Mary Dell nodded her head and motioned with her fingers that it was okay for Ruth to see Button again.  Robert put a dog treat in Ruth’s hand and showed her how to hold her hand flat.  She laughed when Button’s tongue licked her hand and then her face.  Ruth went from that first tentative touch and scratching Button’s chest to giving her treats and laughing when Button licked her.

The music played on.  So much inspiring, upbeat, summertime music performed by the sixty musicians on stage.  Robert Jager masterfully directed each song.  I tapped my foot, applauded, and enjoyed and appreciated every note.  Especially the percussion instruments when the circus came to town.  And I sat alone.  My Grand sat on the picnic table bench between Mary Dell and Robert, and Button stood right in front of her.

The hour-long concert ended.  Ruth told her new friends good-bye, held my hand, and we walked toward our car.  “That music was weird,” Ruth said.
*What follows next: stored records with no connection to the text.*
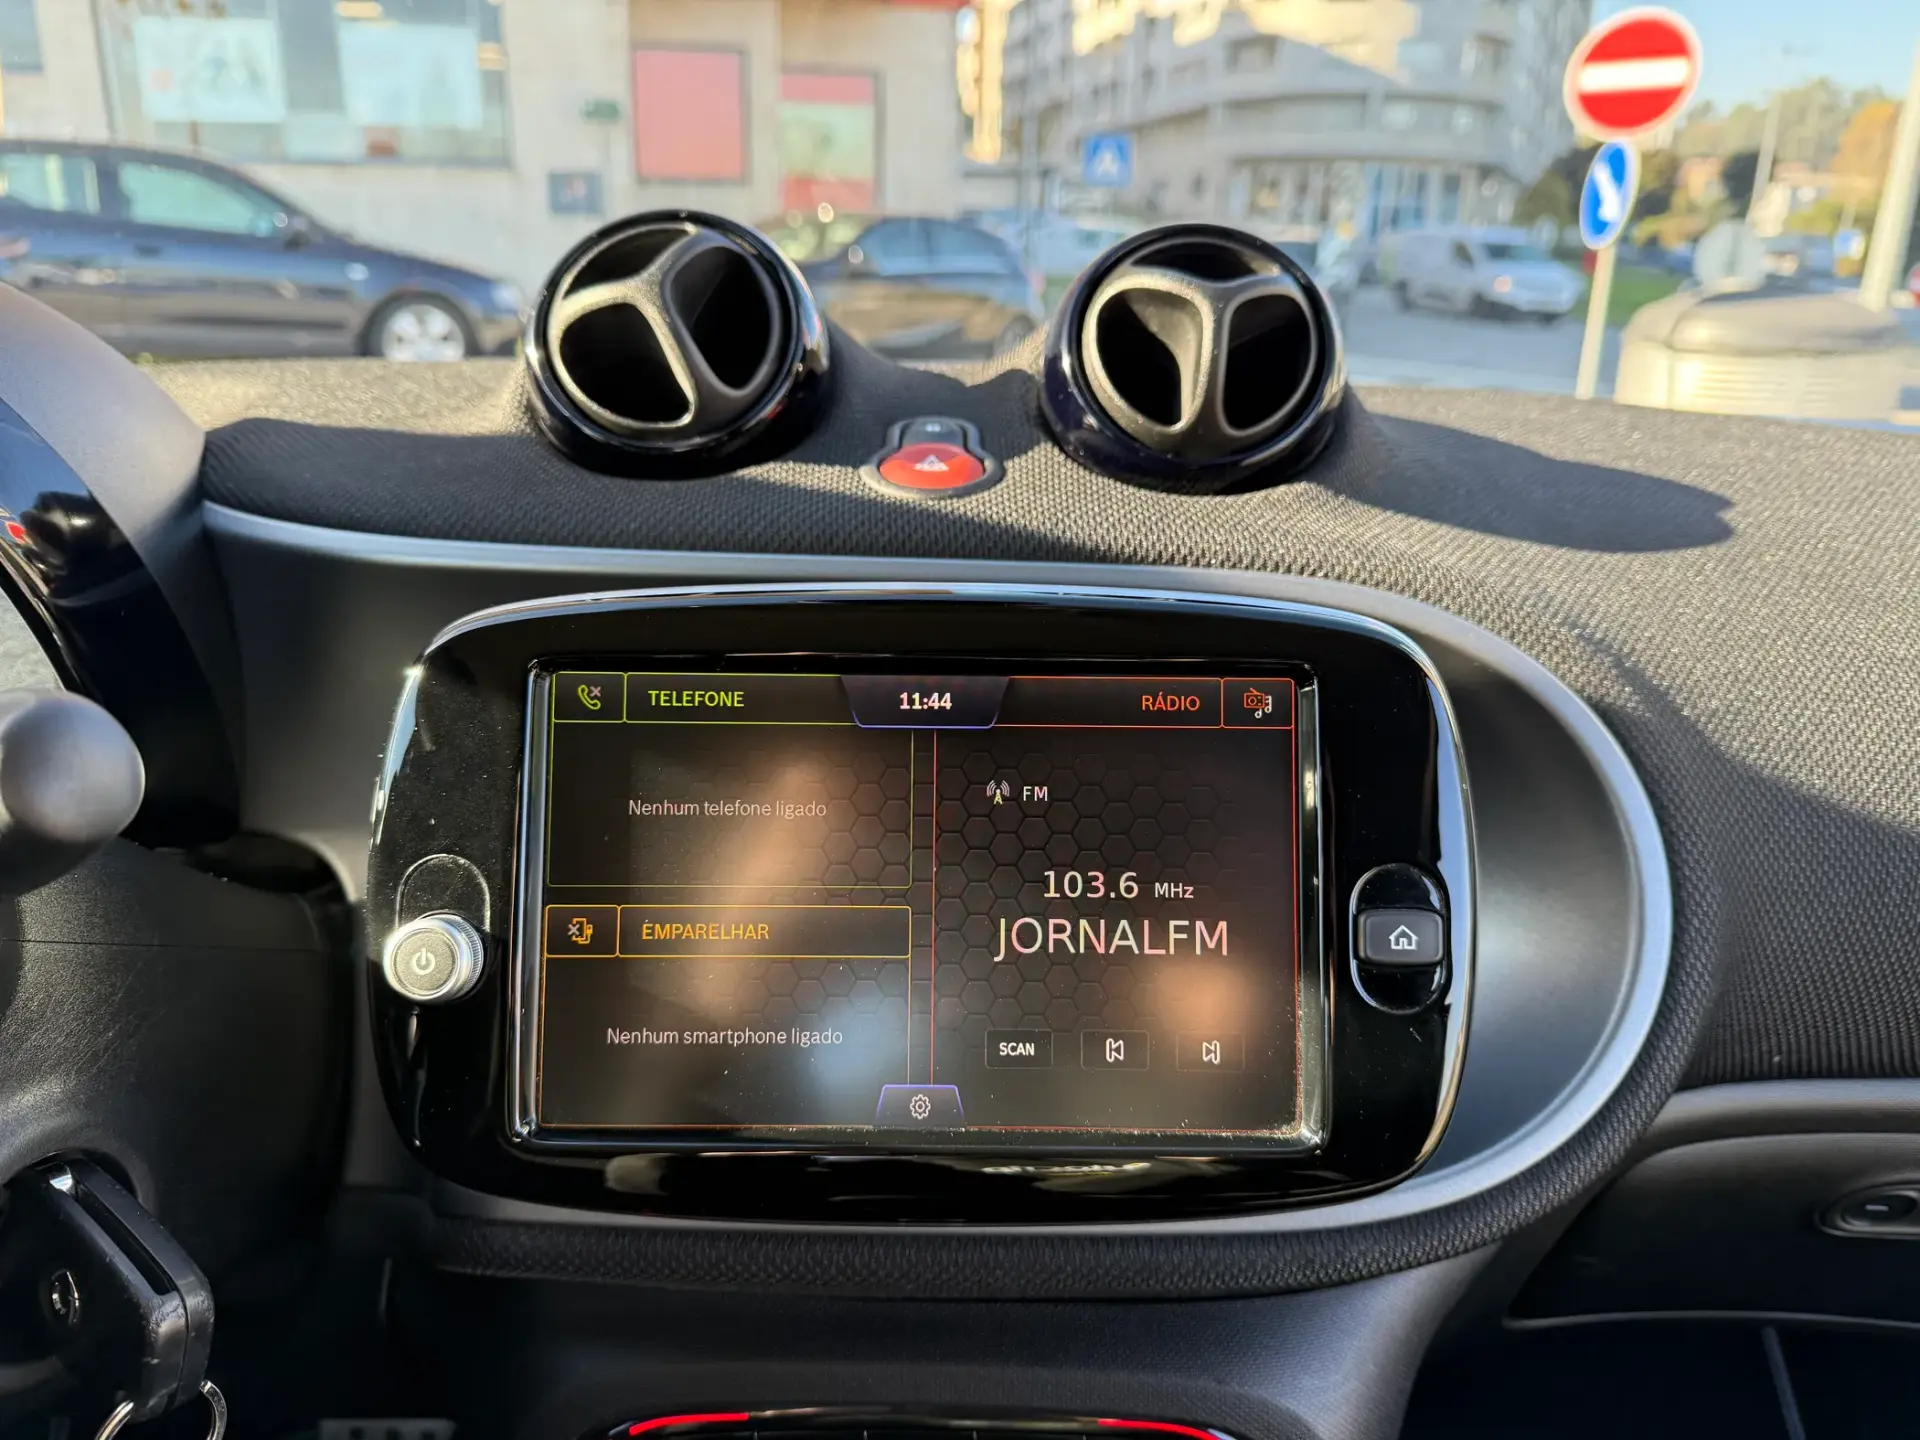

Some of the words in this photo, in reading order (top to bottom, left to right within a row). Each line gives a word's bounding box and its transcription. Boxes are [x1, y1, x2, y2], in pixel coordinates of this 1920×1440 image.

[648, 689, 745, 708] TELEFONE
[899, 692, 952, 710] 11:44
[1141, 691, 1201, 712] RÁDIO
[1022, 785, 1049, 802] FM
[628, 799, 700, 816] Nenhum
[703, 799, 772, 816] telefone
[776, 800, 827, 820] ligado
[1043, 870, 1139, 899] 103.6
[1154, 882, 1194, 899] MHz
[993, 917, 1228, 962] JORNALFM
[606, 1027, 679, 1044] Nenhum
[683, 1028, 787, 1048] smartphone
[791, 1027, 843, 1048] ligado
[999, 1041, 1035, 1057] SCAN
“Weird?” I said.  “It’s different from what we usually listen to.  Maybe not weird, but different.  I like band music.”

“Me, too.”

“So do you want to come to another concert?”

“When?  Will Button be there?”  Ruth asked.  Monday night, June 23, 7:30 p.m.  I don’t know if Button will be there.  The free concert will take us Around the World on a Musical Tour.  I’m sure we’ll have fun – enjoy music that’s not what we hear every day and greet old and new friends.  All outside, under the stars, in the park.